MATERIAL TO PROCESS Block Start

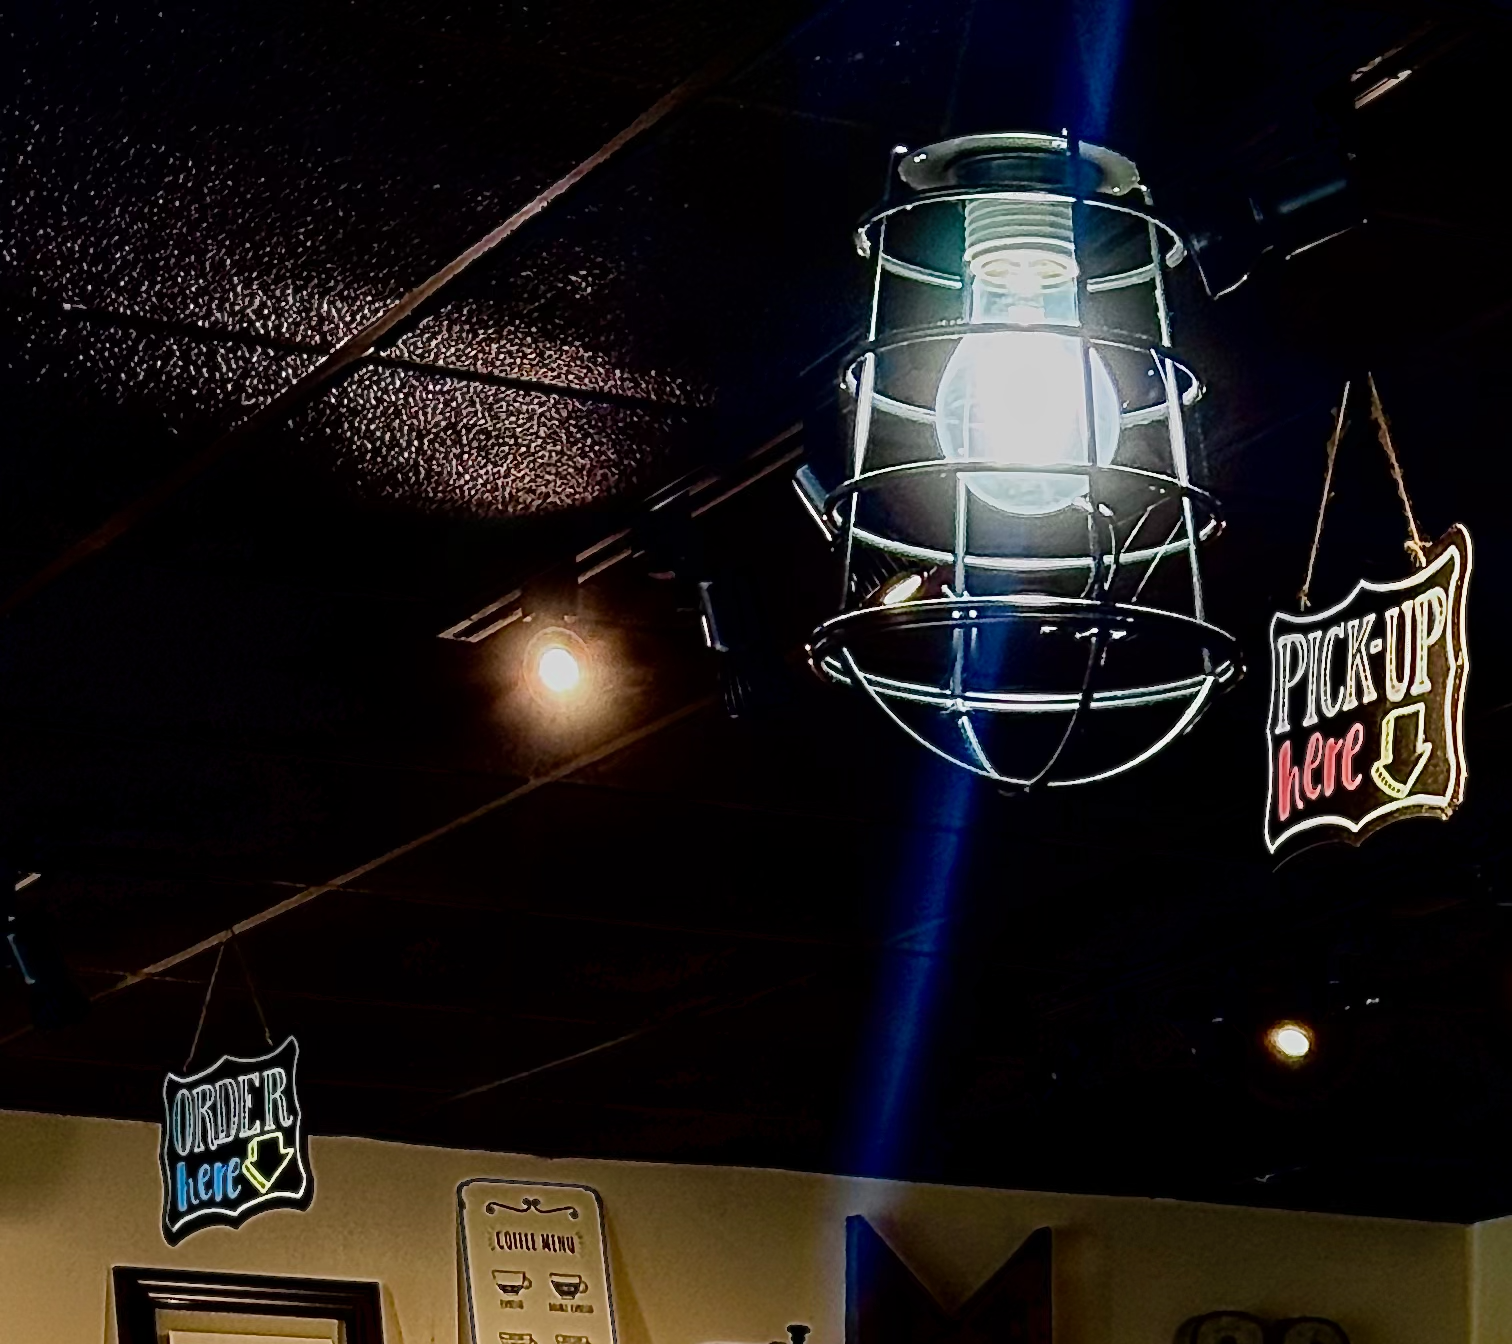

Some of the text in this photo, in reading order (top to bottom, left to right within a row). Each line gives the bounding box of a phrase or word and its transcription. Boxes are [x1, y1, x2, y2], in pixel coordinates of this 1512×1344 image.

[1275, 587, 1447, 734] PICK-UP
[1278, 723, 1364, 821] here
[173, 1067, 293, 1156] ORDER
[177, 1158, 241, 1211] here
[541, 1234, 575, 1254] MENU

MATERIAL TO PROCESS Block End

## YOUR GOAL:
The records above must be printed exactly, but the pictures they hold should be omitted.

## YOUR RESPONSE:
Some of the text in this photo, in reading order (top to bottom, left to right within a row). Each line gives the bounding box of a phrase or word and its transcription. Boxes are [x1, y1, x2, y2], in pixel coordinates of this 1512×1344 image.

[1275, 587, 1447, 734] PICK-UP
[1278, 723, 1364, 821] here
[173, 1067, 293, 1156] ORDER
[177, 1158, 241, 1211] here
[541, 1234, 575, 1254] MENU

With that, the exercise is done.